The CMSU’s senior management team is comprised exclusively of professionals, each of whom bring with them over 20 years of experience from diverse roles (e.g. operations, clinical trials, QA, packaging development, regulatory compliance, drug development and project management) within the pharmaceutical and medical device industries. Our extensive industry experience combined with the resources available within a world-class academic research institution allow us to provide our clients with a uniquely integrated approach to delivering clinical strategy, packaging, labeling and logistics solutions and support for clinical trial programs or stand-alone trials, from proof-of-concept through Phase IV. Our distribution capabilities and project management experience ensure products are of the highest quality, delivered on time and to our clients’ satisfaction.
Cornelia Kamp, MBA
Executive Director Strategic Initiatives
Phone: (585) 355-5341
Cornelia has served on the University of Rochester faculty for the past 20 years and has been the Executive Director of CMSU, in CHeT, since its inception in 2008. She received a Masters Degree in Business Administration (Operations Management and Finance) in 1994 from the William E. Simon School of Business Administration, at the University of Rochester.
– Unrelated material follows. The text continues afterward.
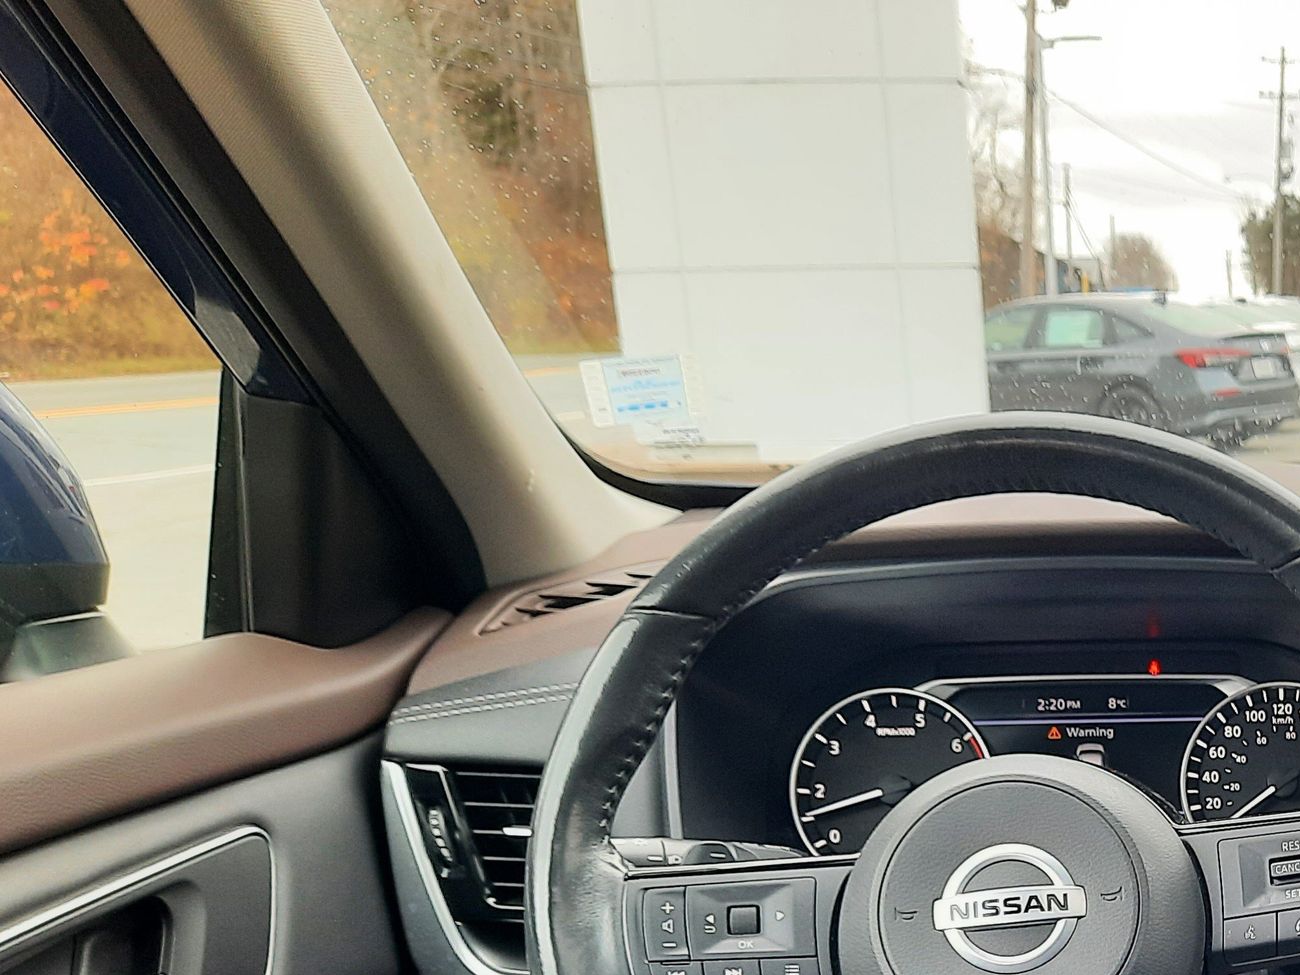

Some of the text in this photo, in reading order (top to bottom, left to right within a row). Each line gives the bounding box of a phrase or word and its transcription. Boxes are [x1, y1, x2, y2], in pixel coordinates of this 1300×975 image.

She has had more than 25 years experience in pharmaceutical-based research including: clinical drug/device supply services, project management, data management, operations, budgets, contracts, site management, and site activation. Cornelia has overseen the operations of more than 150 multi-center international clinical trials mostly in CNS and acute and chronic pain. She has managed over 23 INDs from initial submission through annual reporting and creation of the final Clinical Summary Reports (CSRs). She served as the Director of Clinical Research Operations at the Clinical Trials Coordination Center (CTCC) at the University of Rochester for more than 8 years and was formerly Vice President of Site Operations for SCIREX (now the Premier Research Group). She has served as a consultant to the Clintrex Research Corp, clinical research company that works with pharmaceutical organizations to operationalize development pathways for new treatments for CNS diseases, since its inception in 2010.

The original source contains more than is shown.